Juan Garrido, an African-Spanish conquistador joins the Juan Ponce de Leon Florida-discovery expedition and becomes the first known black person to arrive in what is now the United States mainland. Garrido is a free man!
While American history tells us that the first black people in colonial America are some 20 Africans brought from Angola to Jamestown, Virginia as slaves in 1609, there is ample evidence that Garrido precedes them by more than a century, that he comes on his own accord, and that he is part of a monumental feat!
He is part of the three-ship, 200-men expedition that sails north from Puerto Rico and discovers the land Juan Ponce de Leon names “Florida.” They believe they have found an unknown Caribbean island.
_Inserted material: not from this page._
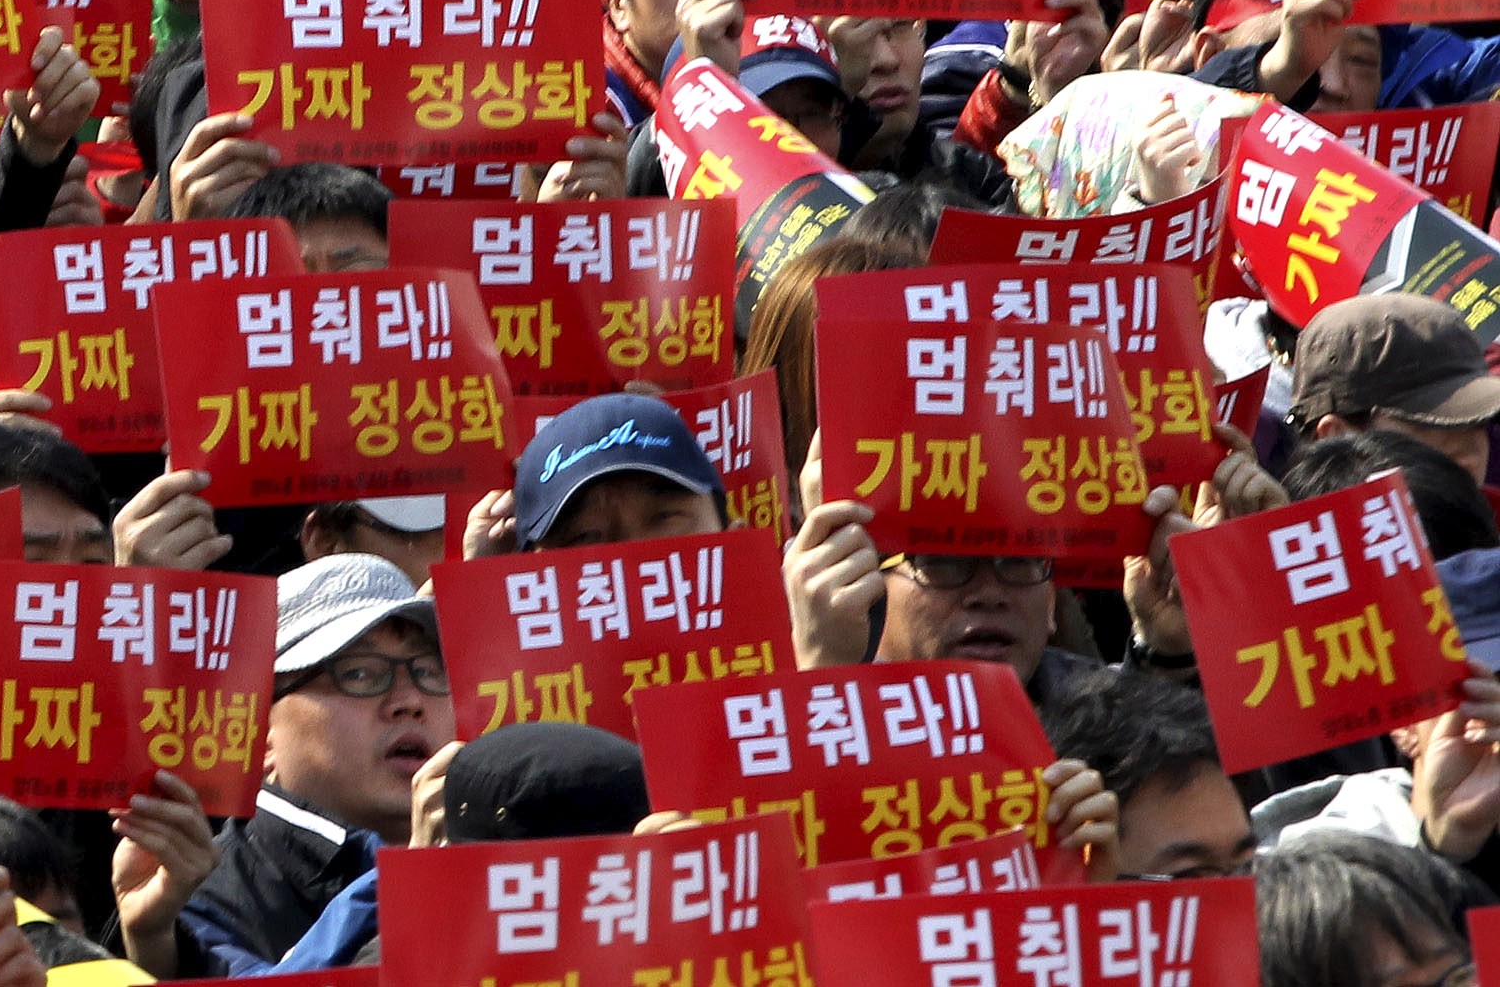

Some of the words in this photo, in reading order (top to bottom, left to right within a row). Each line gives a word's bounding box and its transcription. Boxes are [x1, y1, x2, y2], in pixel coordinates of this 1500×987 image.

But six years later, another conquistador is unable to circumvent “Florida,” proving that the Ponce de Leon expedition discovered the North American mainland!
Garrido, born in the Kingdom of Kongo, Africa in 1487, is sold to Portuguese slave traders as a child, and somehow acquires his freedom when he reaches Lisbon, Portugal, as a young man. When he moves on to Seville, Spain, he converts to Christianity and takes the Spanish name Juan Garrido. And when he travels from Seville to Santo Domingo, Garrido becomes one of the first free Africans to reach the Americas.
Despite whatever misconceptions we may have about Spanish conquistadors, Garrido is a black man who, before coming to Florida, participates in the Spanish conquest of the Caribbean islands with Ponce de Leon, and after Florida, with Hernán Cortéz in Mexico.
For Garrido’s participation in the conquest of the Aztecs in Tenochtitlan (Mexico City) in 1519, Cortéz awards him land. And with the labor of Indian and African slaves, Garrido becomes the first person to grow wheat in the New World. In 1538, Garrido submits his request for pension, which includes a ‘probanza,’ or proof of merit, outlining his service to Spain for more than 30 years. He dies in Mexico City between 1547 and 1550, leaving behind a wife and three children.